▸ Problem statement
Each line of the data must be given back verbatim, with pictures removed.

___ Data ___

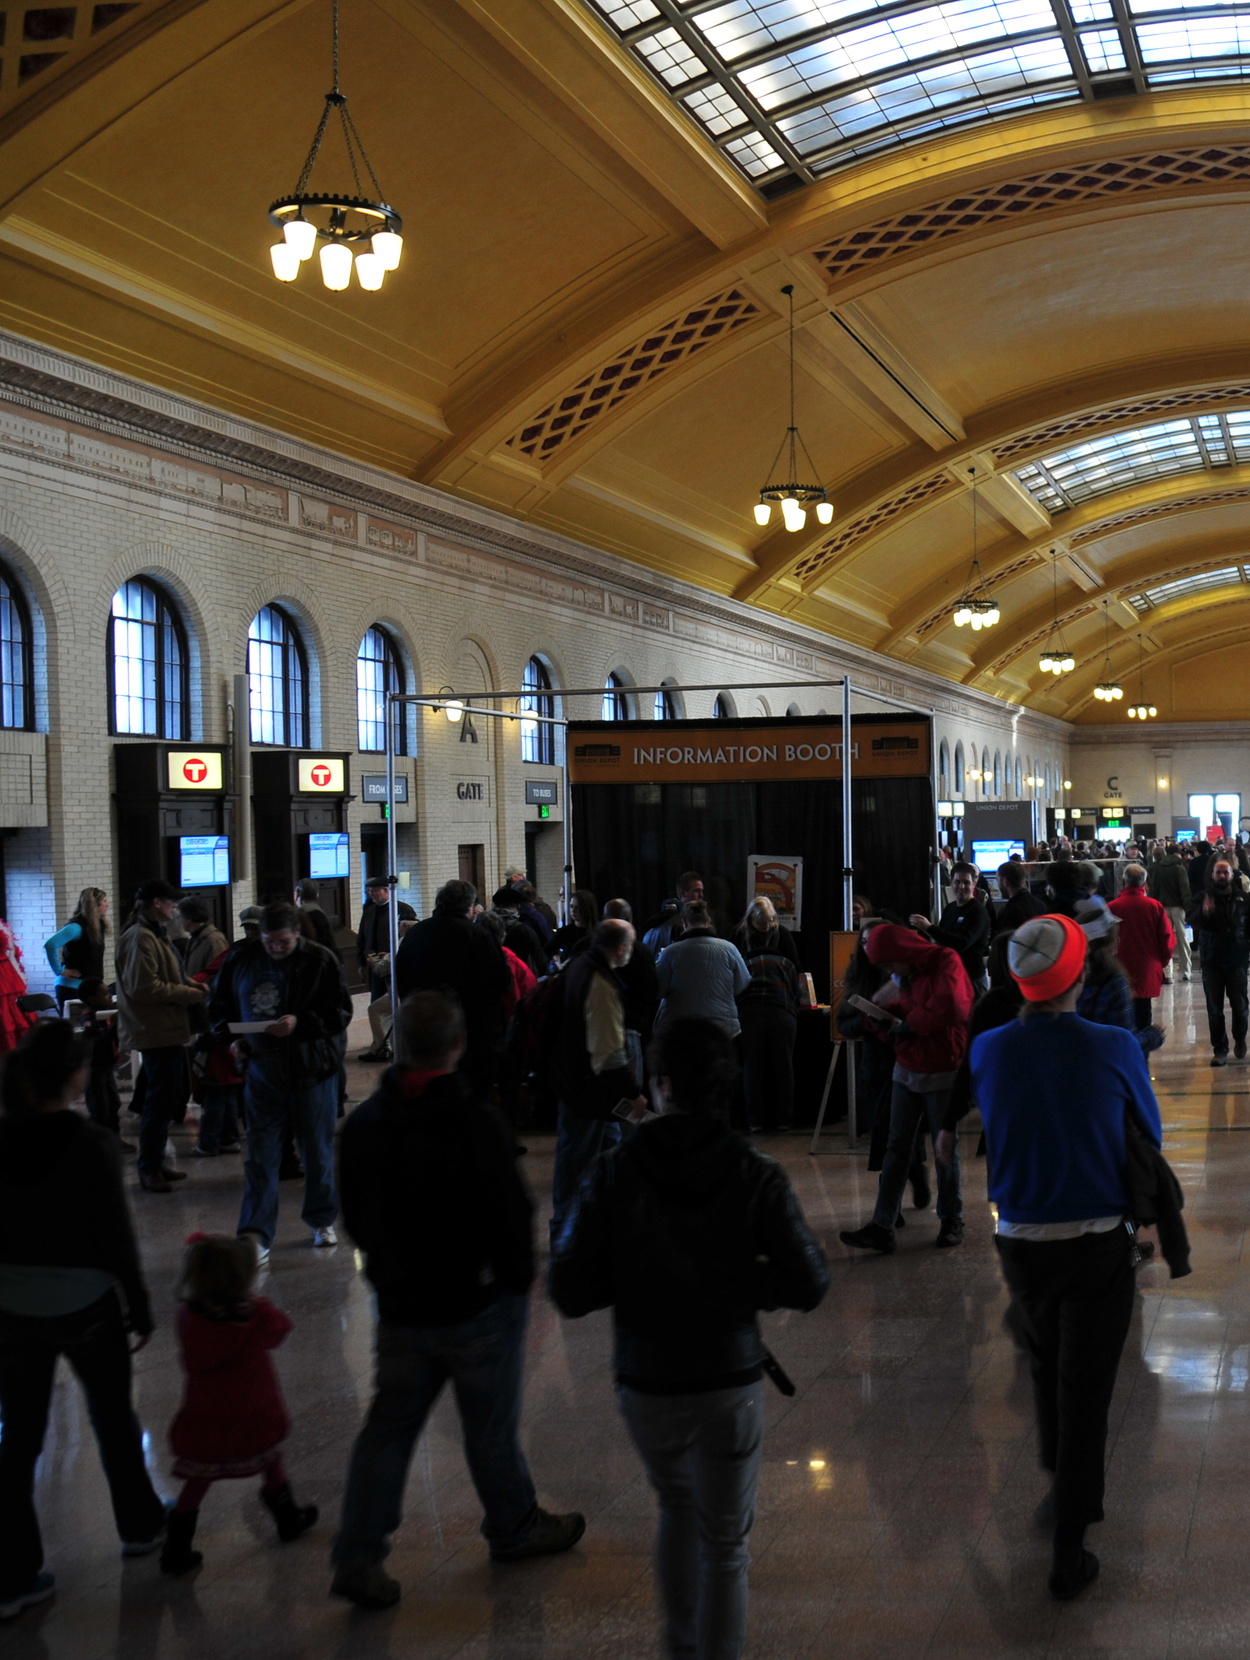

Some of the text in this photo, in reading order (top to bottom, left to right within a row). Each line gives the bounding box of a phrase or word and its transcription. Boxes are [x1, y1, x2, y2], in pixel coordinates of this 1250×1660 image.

[460, 699, 479, 744] A
[633, 742, 861, 765] INFORMATION BOOTH
[369, 784, 386, 794] FROM
[457, 782, 484, 800] GATE
[1107, 776, 1119, 791] C
[533, 788, 539, 797] TO
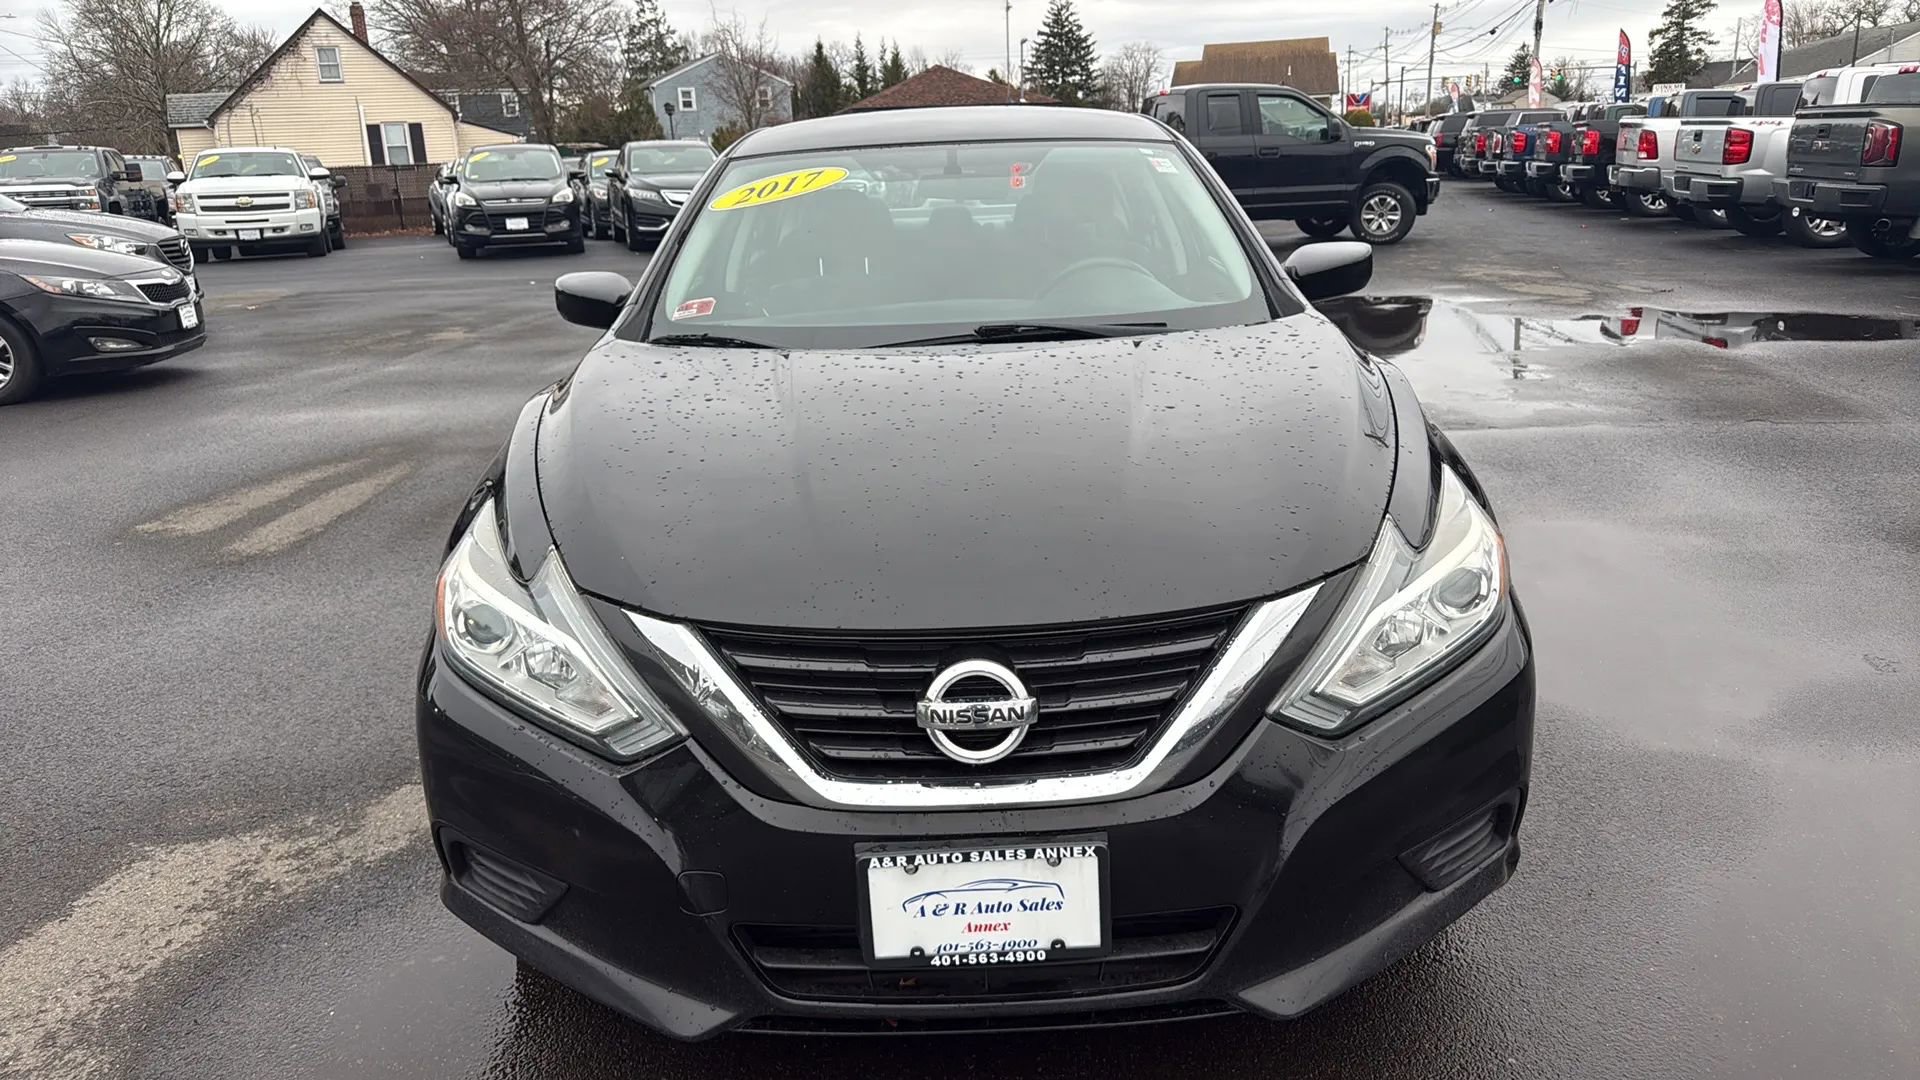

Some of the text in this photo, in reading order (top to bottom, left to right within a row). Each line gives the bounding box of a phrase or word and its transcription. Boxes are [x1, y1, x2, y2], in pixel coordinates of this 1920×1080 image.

___

▸ Your solution
Some of the text in this photo, in reading order (top to bottom, left to right within a row). Each line gives the bounding box of a phrase or word and its transcription. Boxes are [x1, y1, x2, y2], in pixel coordinates of this 1250×1660 image.

[460, 699, 479, 744] A
[633, 742, 861, 765] INFORMATION BOOTH
[369, 784, 386, 794] FROM
[457, 782, 484, 800] GATE
[1107, 776, 1119, 791] C
[533, 788, 539, 797] TO

Some of the text in this photo, in reading order (top to bottom, left to right within a row). Each line gives the bounding box of a phrase or word and its transcription. Boxes are [x1, y1, x2, y2], in pixel coordinates of this 1920×1080 image.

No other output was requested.